Exercise: For each record below, output its text exactly and skip any picture.

Input material:
<<<<

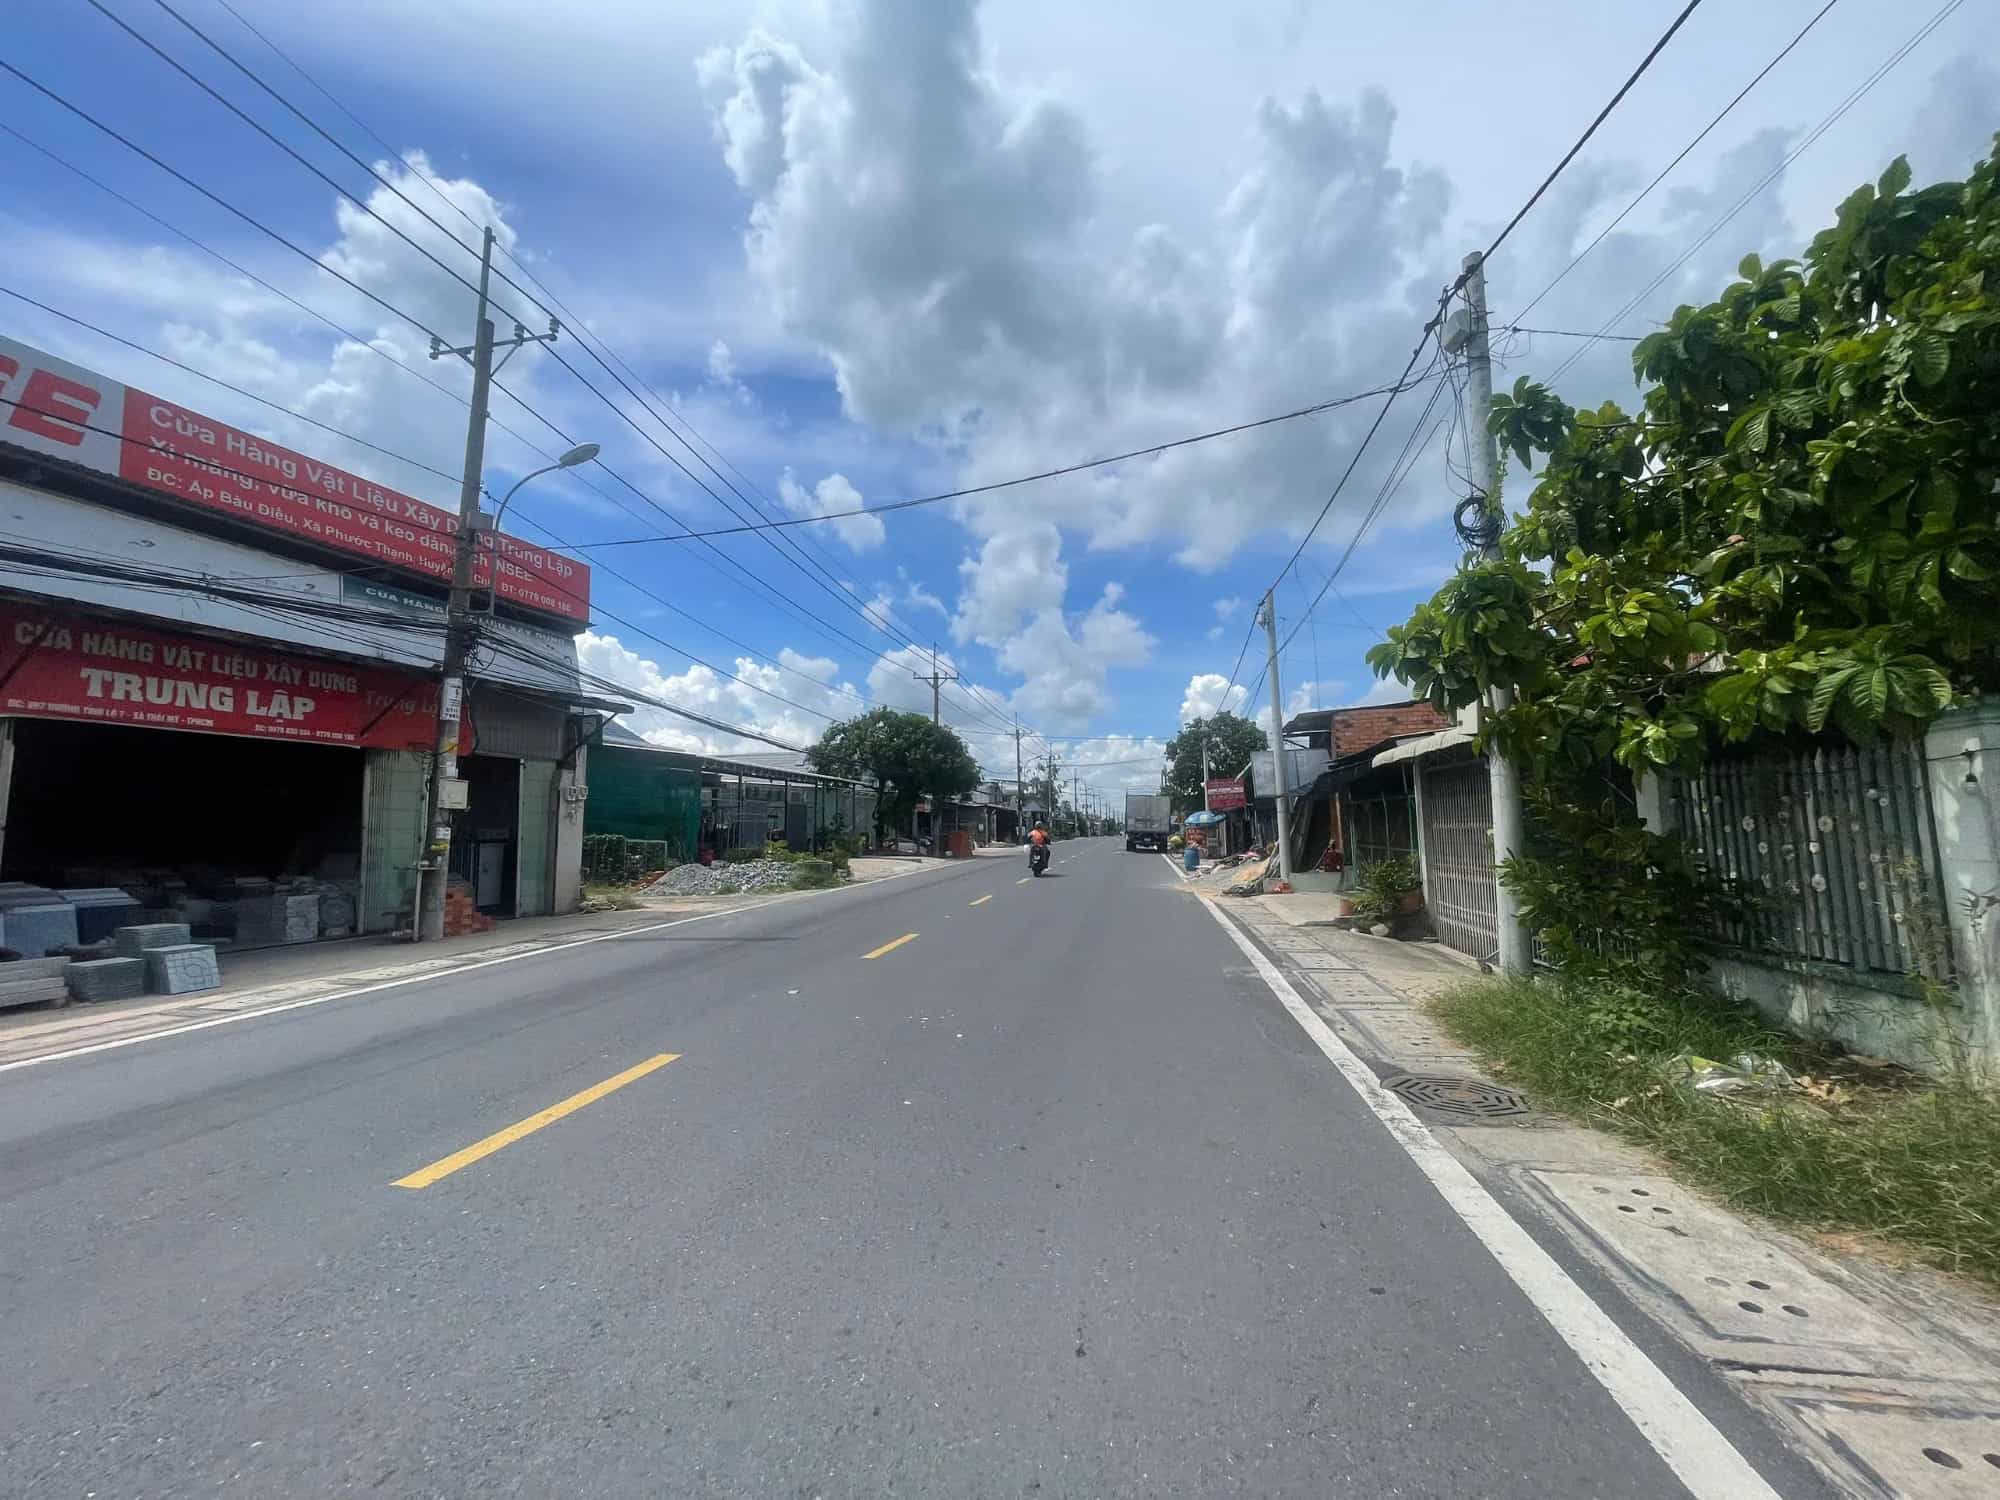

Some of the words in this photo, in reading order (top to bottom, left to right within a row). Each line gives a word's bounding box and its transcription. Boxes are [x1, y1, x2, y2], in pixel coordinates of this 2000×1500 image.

[226, 431, 297, 480] Hàng
[305, 463, 345, 494] Vật
[352, 481, 398, 512] Liệu
[404, 501, 441, 531] Xây
[446, 518, 494, 550] Dng
[358, 512, 380, 531] và
[384, 520, 416, 542] keo
[491, 558, 536, 582] NSEE
[81, 631, 154, 664] HÀNG
[163, 645, 206, 673] VẬT
[212, 654, 258, 681] LIỆU
[264, 658, 305, 685] XÂY
[80, 668, 234, 713] TRUNG
[246, 689, 316, 724] LẬP

>>>>

Solution:
Some of the words in this photo, in reading order (top to bottom, left to right within a row). Each line gives a word's bounding box and its transcription. Boxes are [x1, y1, x2, y2], in pixel coordinates of this 2000×1500 image.

[226, 431, 297, 480] Hàng
[305, 463, 345, 494] Vật
[352, 481, 398, 512] Liệu
[404, 501, 441, 531] Xây
[446, 518, 494, 550] Dng
[358, 512, 380, 531] và
[384, 520, 416, 542] keo
[491, 558, 536, 582] NSEE
[81, 631, 154, 664] HÀNG
[163, 645, 206, 673] VẬT
[212, 654, 258, 681] LIỆU
[264, 658, 305, 685] XÂY
[80, 668, 234, 713] TRUNG
[246, 689, 316, 724] LẬP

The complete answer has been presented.